Exact copies of all the lines below are needed, without the pictures.

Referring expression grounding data
* * * * * * *

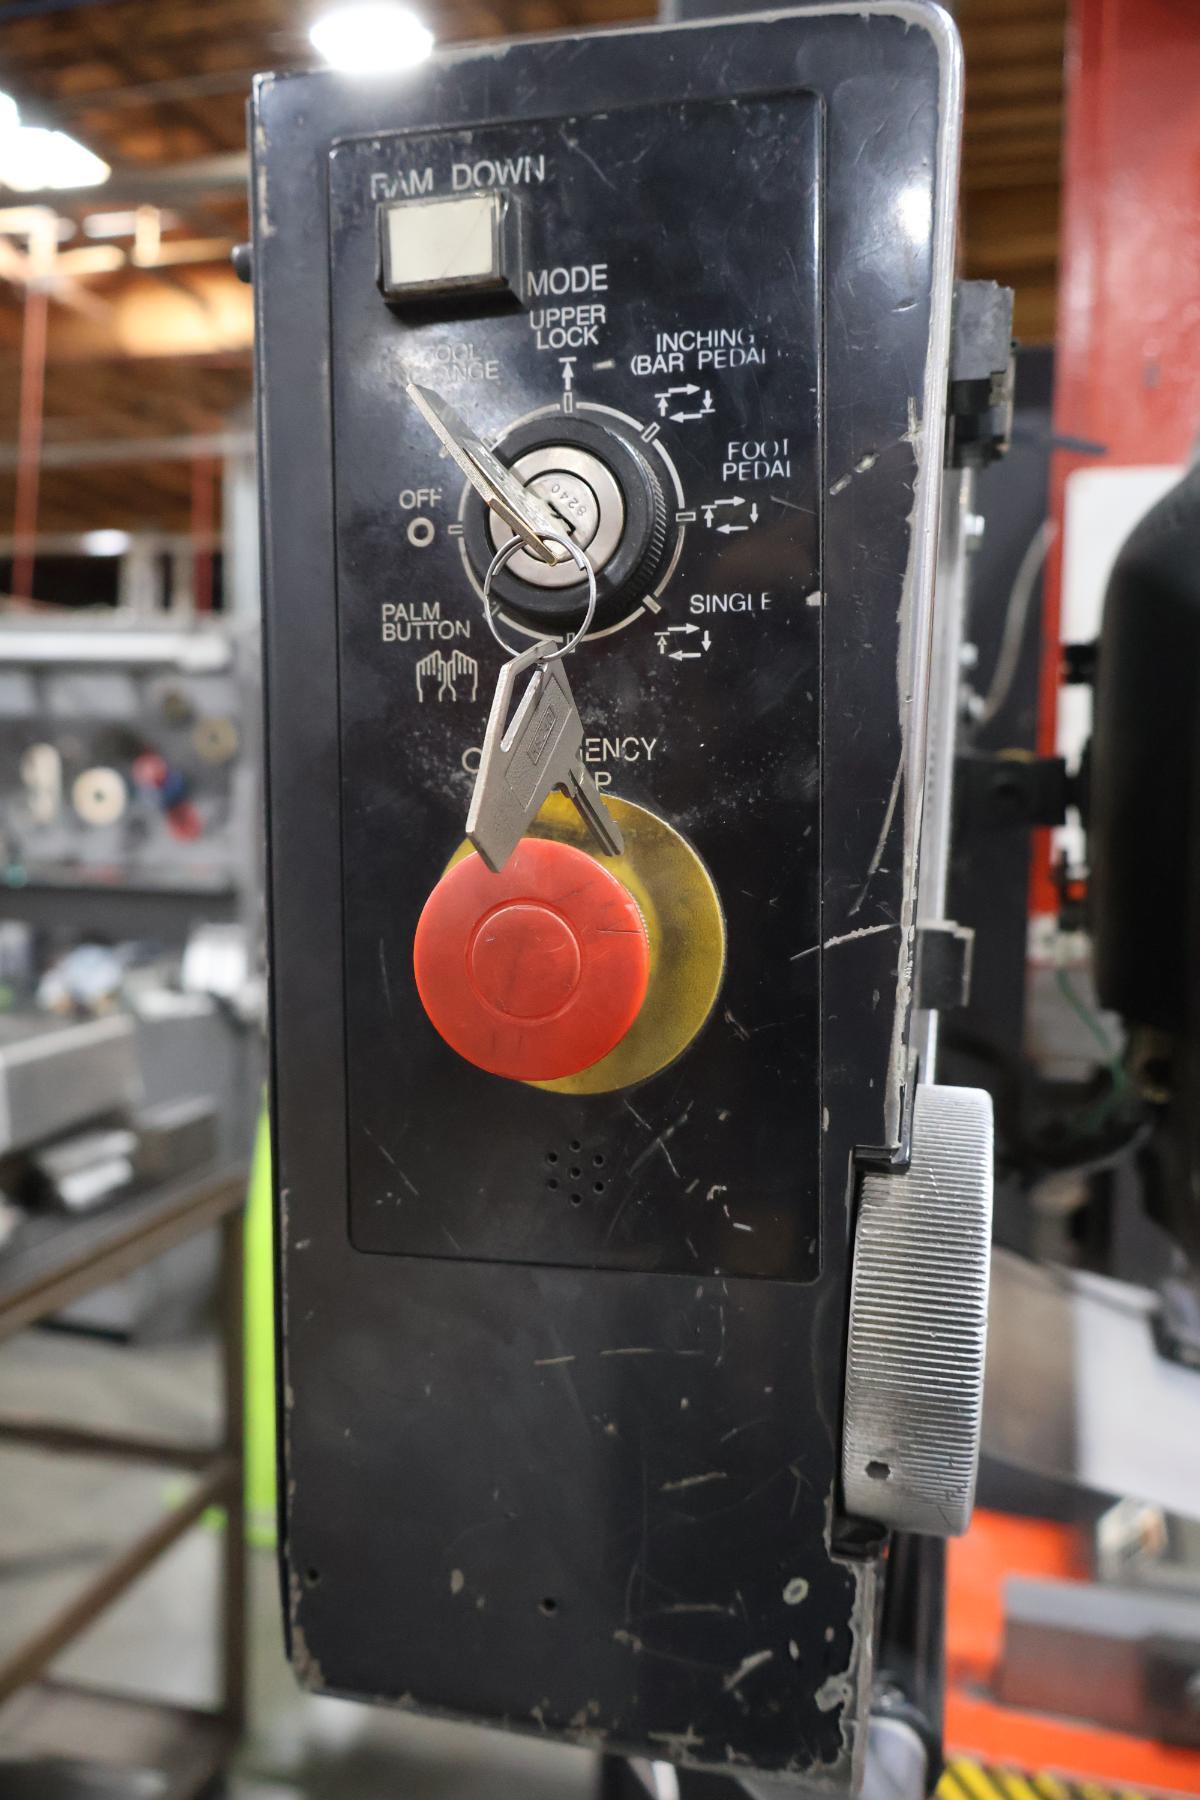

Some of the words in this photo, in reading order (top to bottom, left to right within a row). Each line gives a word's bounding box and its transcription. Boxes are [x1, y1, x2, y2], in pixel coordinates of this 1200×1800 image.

[452, 155, 545, 190] DOWN
[527, 264, 608, 296] MODE
[530, 304, 606, 330] UPPER
[537, 326, 599, 350] LOCK
[656, 328, 755, 353] INCHING
[630, 352, 685, 376] (BAR
[398, 487, 443, 510] OFF
[381, 602, 440, 622] PALM
[382, 621, 472, 642] BUTTON
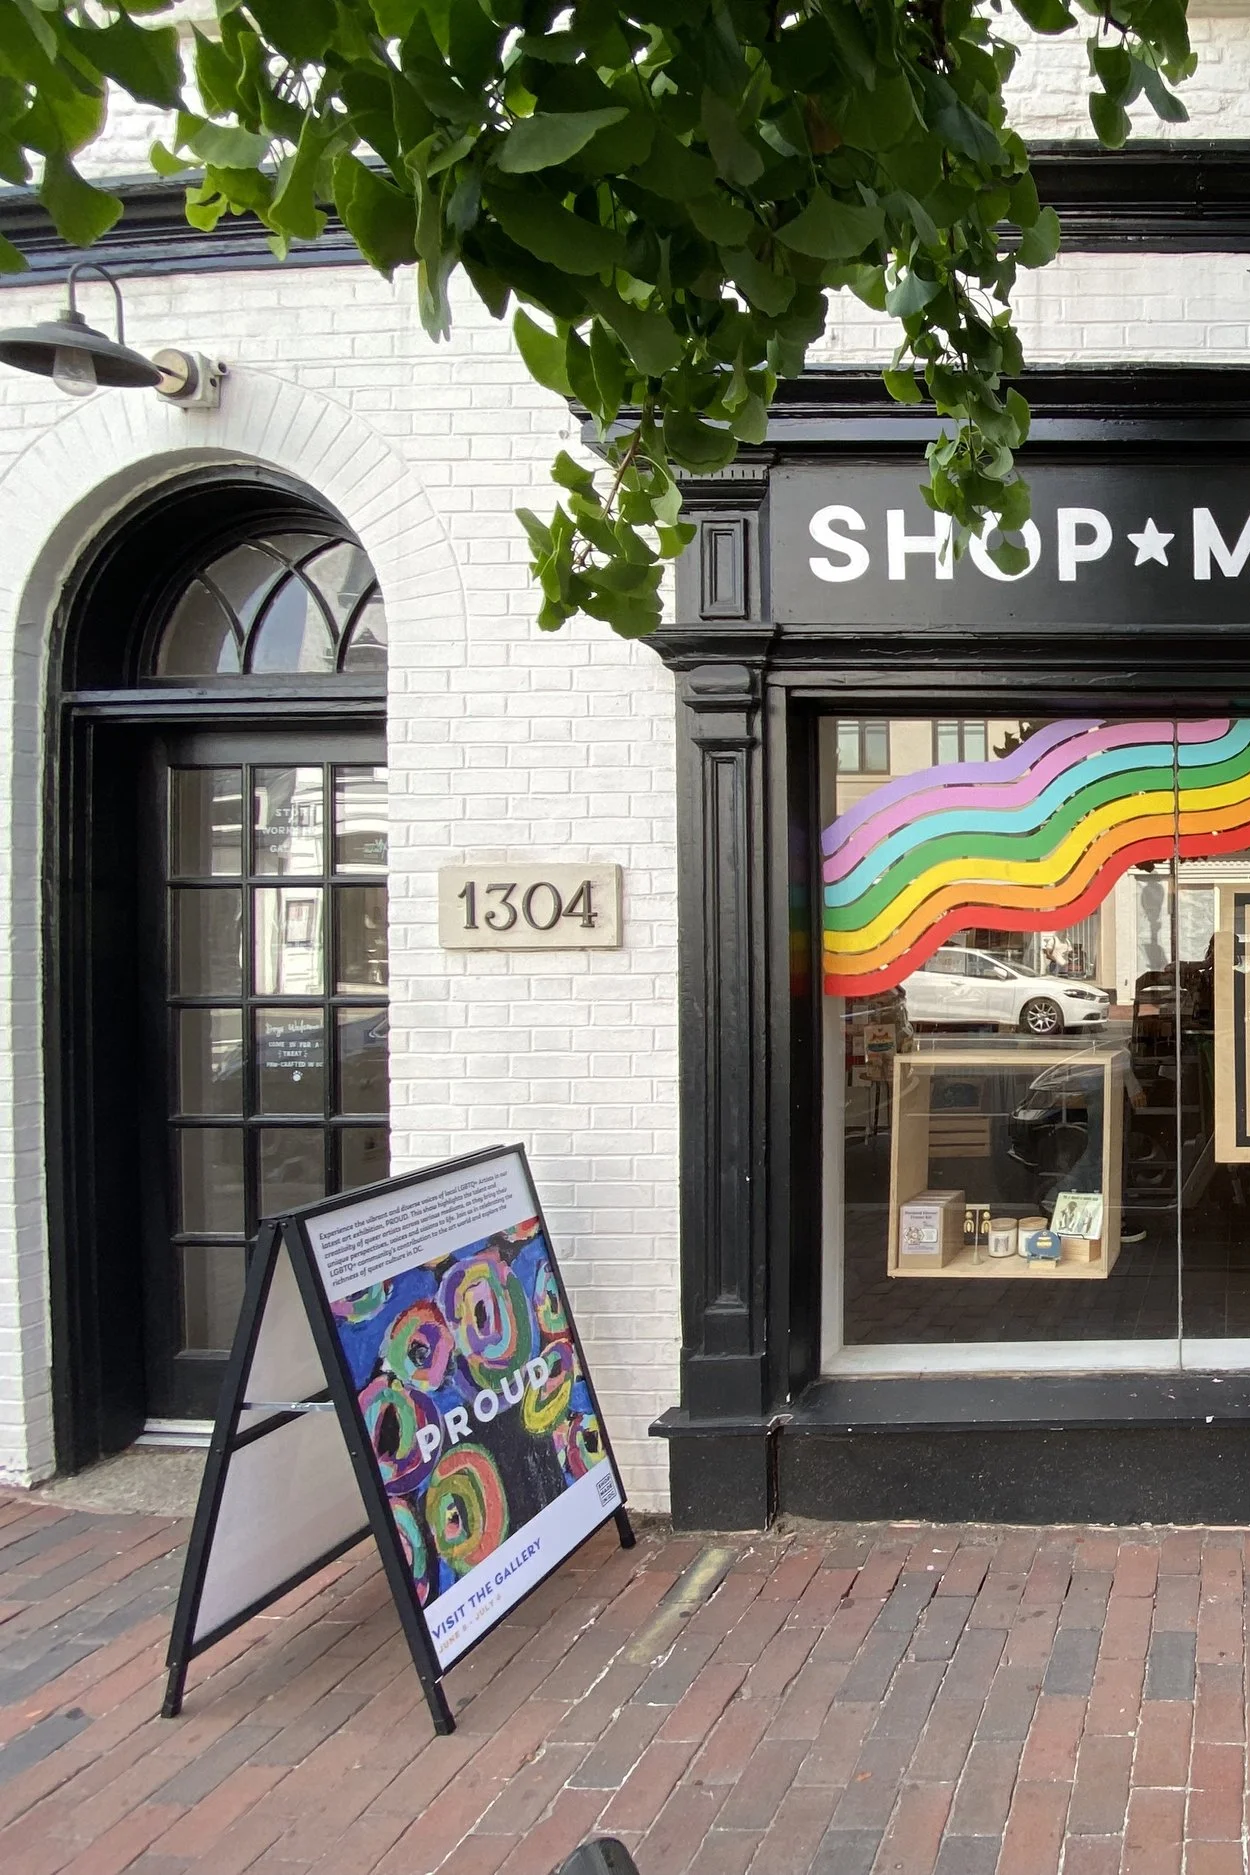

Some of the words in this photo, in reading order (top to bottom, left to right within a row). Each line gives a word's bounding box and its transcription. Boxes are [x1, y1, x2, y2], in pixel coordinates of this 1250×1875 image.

[808, 504, 1113, 583] SHOP
[458, 880, 598, 931] 1304
[319, 1224, 353, 1239] Experience
[415, 1356, 550, 1464] PROUD
[432, 1604, 466, 1639] VISIT
[467, 1581, 493, 1608] THE
[494, 1537, 542, 1586] GALLERY
[438, 1629, 461, 1653] JUNE
[475, 1599, 495, 1621] JULY
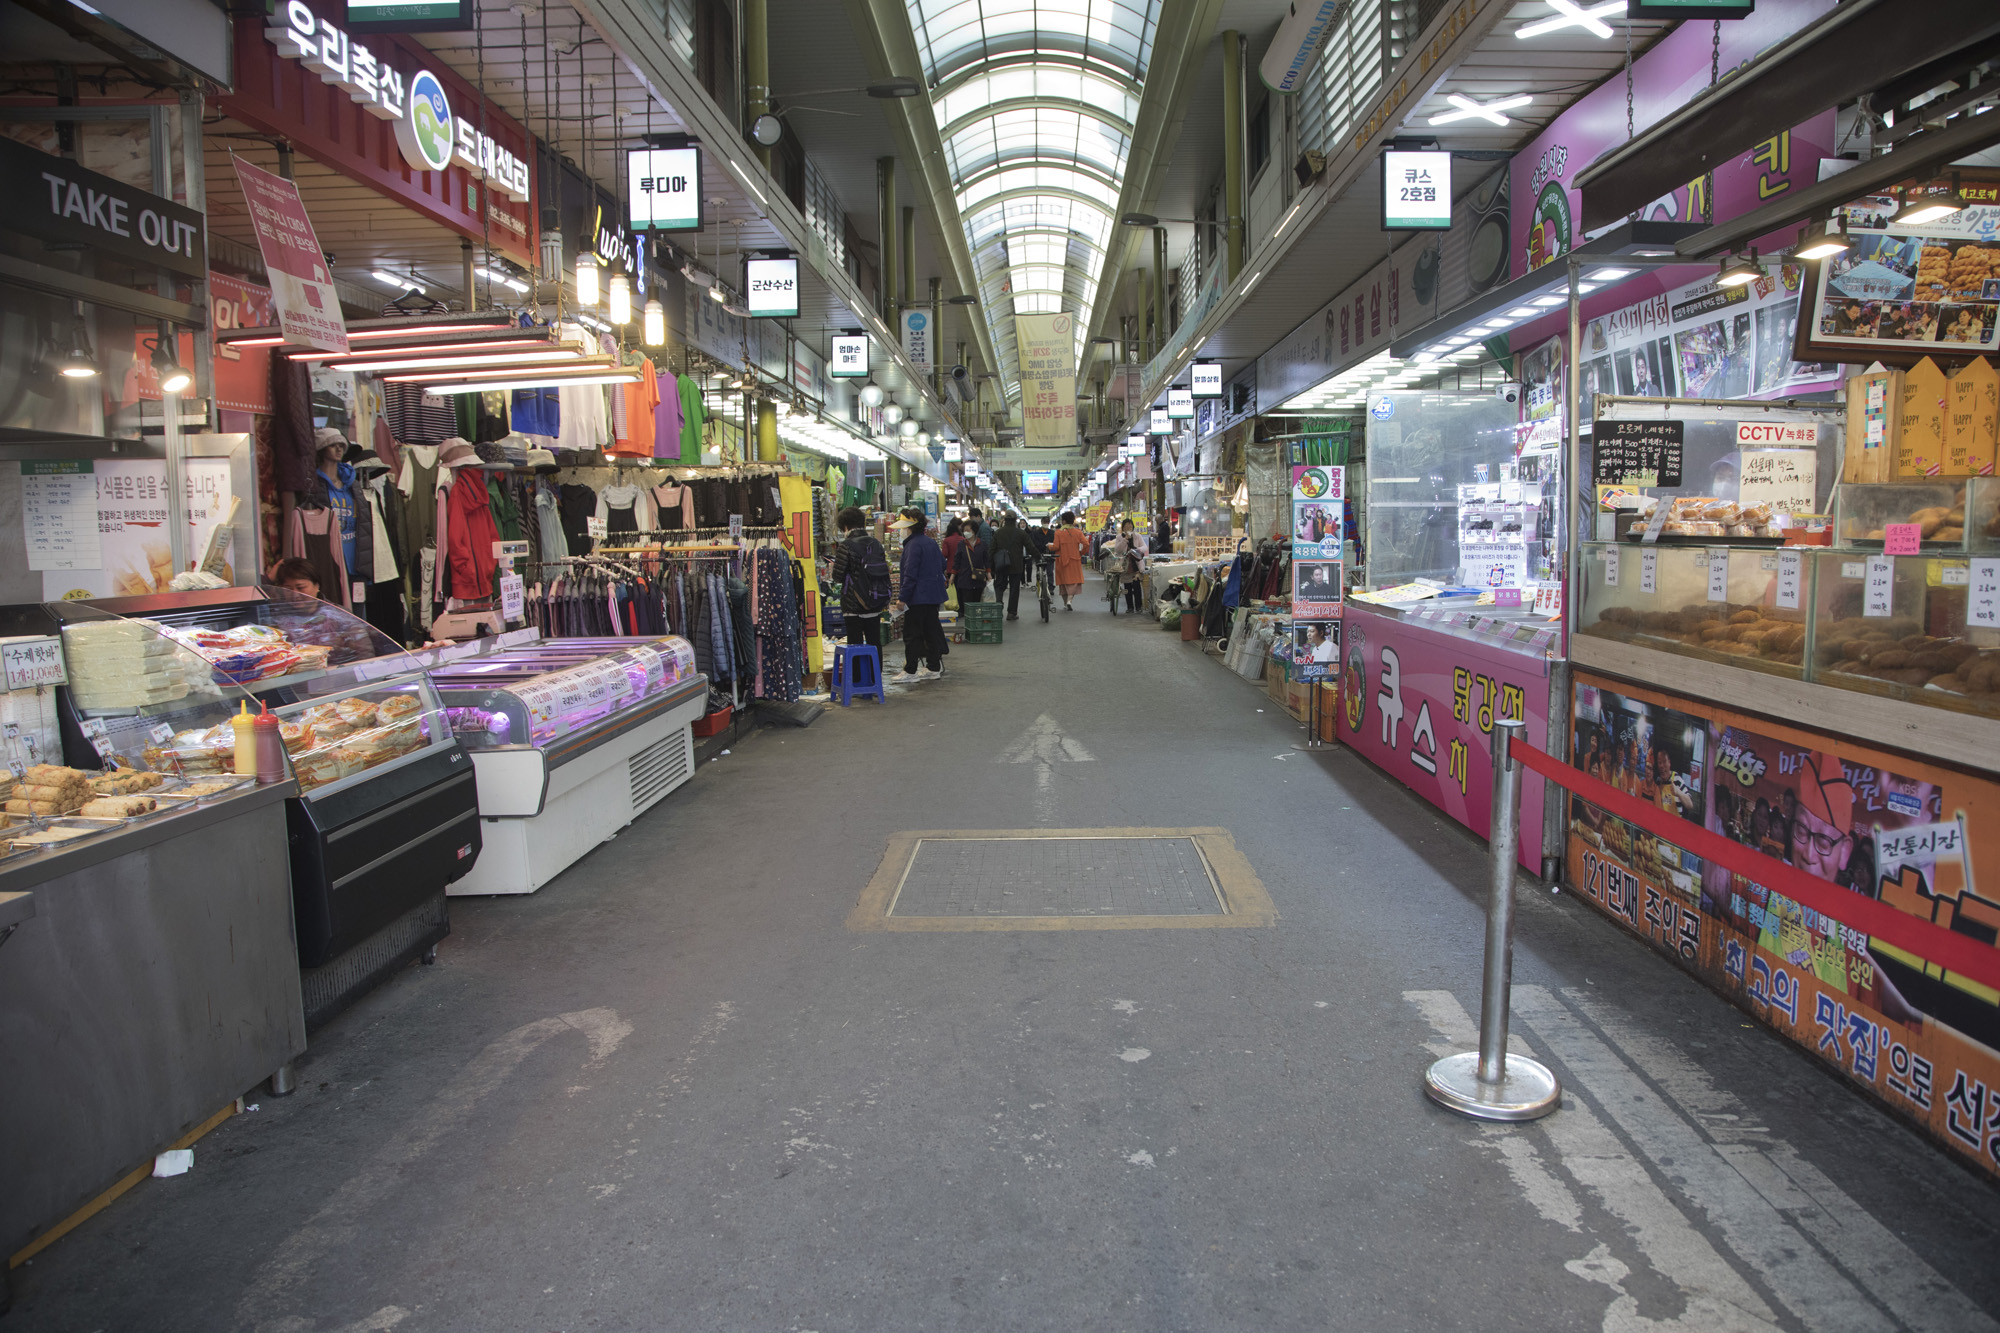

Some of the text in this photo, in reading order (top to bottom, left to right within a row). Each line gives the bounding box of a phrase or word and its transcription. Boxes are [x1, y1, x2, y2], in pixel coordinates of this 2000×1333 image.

[287, 0, 529, 202] 우리축산 도매센터
[1404, 169, 1432, 184] 큐스
[1531, 145, 1568, 197] 망원시장
[640, 176, 688, 194] 루디아
[1400, 186, 1436, 202] 2호점
[41, 171, 197, 258] TAKE OUT
[751, 279, 793, 291] 군산수산
[838, 345, 861, 354] 엄마손
[842, 354, 858, 364] 마트
[1955, 381, 1974, 394] HAPPY
[1374, 404, 1393, 414] ADT
[1953, 413, 1973, 426] HAPPY
[1617, 424, 1643, 434] 고로케
[1739, 425, 1816, 441] CCTV 녹화중
[1624, 439, 1639, 448] 500
[1624, 449, 1638, 458] 500
[1950, 447, 1967, 457] HAPPY
[1624, 459, 1638, 467] 500
[103, 475, 134, 500] 식품은
[136, 475, 157, 500] 믿을
[123, 509, 148, 520] 위생적인
[148, 509, 168, 520] 안전한
[1295, 655, 1315, 666] tvN
[1377, 645, 1437, 777] 큐스
[1732, 731, 1750, 748] KBS
[1898, 783, 1918, 796] KBS
[1881, 828, 1961, 859] 전통시장
[1581, 850, 1640, 928] 121번째
[1643, 885, 1700, 963] 주인공
[1802, 905, 1868, 957] 121번째 주인공
[1814, 936, 1847, 974] 김영호
[1849, 955, 1875, 992] 상인

* * * * * * *

- RESPONSE TO THE EXERCISE -
Some of the words in this photo, in reading order (top to bottom, left to right within a row). Each line gives a word's bounding box and its transcription. Boxes are [x1, y1, x2, y2], in pixel coordinates of this 1200×1800 image.

[452, 155, 545, 190] DOWN
[527, 264, 608, 296] MODE
[530, 304, 606, 330] UPPER
[537, 326, 599, 350] LOCK
[656, 328, 755, 353] INCHING
[630, 352, 685, 376] (BAR
[398, 487, 443, 510] OFF
[381, 602, 440, 622] PALM
[382, 621, 472, 642] BUTTON

Some of the words in this photo, in reading order (top to bottom, left to right within a row). Each line gives a word's bounding box and its transcription. Boxes are [x1, y1, x2, y2], in pixel coordinates of this 1250×1875 image.

[808, 504, 1113, 583] SHOP
[458, 880, 598, 931] 1304
[319, 1224, 353, 1239] Experience
[415, 1356, 550, 1464] PROUD
[432, 1604, 466, 1639] VISIT
[467, 1581, 493, 1608] THE
[494, 1537, 542, 1586] GALLERY
[438, 1629, 461, 1653] JUNE
[475, 1599, 495, 1621] JULY

Some of the text in this photo, in reading order (top to bottom, left to right within a row). Each line gives the bounding box of a phrase or word and its transcription. Boxes are [x1, y1, x2, y2], in pixel coordinates of this 2000×1333 image.

[287, 0, 529, 202] 우리축산 도매센터
[1404, 169, 1432, 184] 큐스
[1531, 145, 1568, 197] 망원시장
[640, 176, 688, 194] 루디아
[1400, 186, 1436, 202] 2호점
[41, 171, 197, 258] TAKE OUT
[751, 279, 793, 291] 군산수산
[838, 345, 861, 354] 엄마손
[842, 354, 858, 364] 마트
[1955, 381, 1974, 394] HAPPY
[1374, 404, 1393, 414] ADT
[1953, 413, 1973, 426] HAPPY
[1617, 424, 1643, 434] 고로케
[1739, 425, 1816, 441] CCTV 녹화중
[1624, 439, 1639, 448] 500
[1624, 449, 1638, 458] 500
[1950, 447, 1967, 457] HAPPY
[1624, 459, 1638, 467] 500
[103, 475, 134, 500] 식품은
[136, 475, 157, 500] 믿을
[123, 509, 148, 520] 위생적인
[148, 509, 168, 520] 안전한
[1295, 655, 1315, 666] tvN
[1377, 645, 1437, 777] 큐스
[1732, 731, 1750, 748] KBS
[1898, 783, 1918, 796] KBS
[1881, 828, 1961, 859] 전통시장
[1581, 850, 1640, 928] 121번째
[1643, 885, 1700, 963] 주인공
[1802, 905, 1868, 957] 121번째 주인공
[1814, 936, 1847, 974] 김영호
[1849, 955, 1875, 992] 상인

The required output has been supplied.